Throughout our EMR implementations, which started in 2001, we have tested countless end users devices. We have numerous Computers On Wheels (COW’s), thin client laptops on a low profile cart (we called these calves), laptops, PC’s, tablets and a mixture of thin client devices. Now that we are pushing through a CPOE implementation we find ourselves engaging with nursing and physicians to ensure our device strategy is solid.
I have to admit that we have done a few things wrong along the way. We have found that non-CPOE environments can live with device issues (albeit not an ideal situation) but when you march towards CPOE these nagging issues can derail a successful go-live.

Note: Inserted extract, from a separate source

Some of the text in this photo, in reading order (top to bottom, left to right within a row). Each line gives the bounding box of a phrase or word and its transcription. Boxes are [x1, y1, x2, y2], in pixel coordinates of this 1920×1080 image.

Five years ago we took the approach to devices that most did during an EMR rollout – hold a device fair, mock up a room and let the best devices win. While this did produce a great device choice we did not take a long term view and underestimated the number of devices which has led to non-standardized device footprints. As we needed more devices in differing locations a similar device was not available and a footprint change occurred. This specifically was an issue through the last five years in mobile carts. Add to this a non-user friendly screen saver, battery issues, continual frustration with carts in wrong locations our historical device success has been less than stellar.
Not everything can be blamed on the decisions or the hardware. While rounding with a nurse who was concerned about a wireless device disconnecting, we noted that when the period key was used on the numeric keypad the application she was using exited – it kicked her out. To the nurse it was a device issue, the root cause ended up being a software issue that was since fixed. We have also seen device lockups that related to a custom form that we created, however the form was developed inefficiently and therefore caused the device to “hang”. Again to the end user that hang was a device issue but the root cause was software design. As we progress with our CPOE project we are heavily focusing on end user suggestions and complaints much more closely. Our approach to device issues has also morphed due to our past experience.

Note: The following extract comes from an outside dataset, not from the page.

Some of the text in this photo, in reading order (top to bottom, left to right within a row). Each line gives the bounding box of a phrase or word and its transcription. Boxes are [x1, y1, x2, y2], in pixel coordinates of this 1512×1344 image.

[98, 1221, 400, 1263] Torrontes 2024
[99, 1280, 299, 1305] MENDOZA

Our approach to device issues and root cause is 4 fold. We look at login, application use and logout with a process encompassing all three.
As we all know there are numerous issues that can occur at login and logout – temporary files, Citrix server issues and network issues to name a few. Obviously there can be application issues and as I’ve stated earlier some of these application issues can be reported as device problems. Most importantly underlying the device use is the process. Process issues can drive IT department crazy. If individuals use mobile carts to surf the web which make them unavailable for physician use there is a process problem. If carts are not returned to a standardized location and plugged in every time this creates a device issue but the root cause is a process issue. If a nurse has to lug a mobile cart around the halls to find medication device frustration ensues.
From this framework we use the five W’s and the one H (http://en.wikipedia.org/wiki/Five_Ws) to get to root cause and then work to solve the issue. Throughout the CPOE project our intent is to be transparent with the device issues that we collect and work through not only the technology problem, but just as importantly the process issues that many times are blamed on the devices.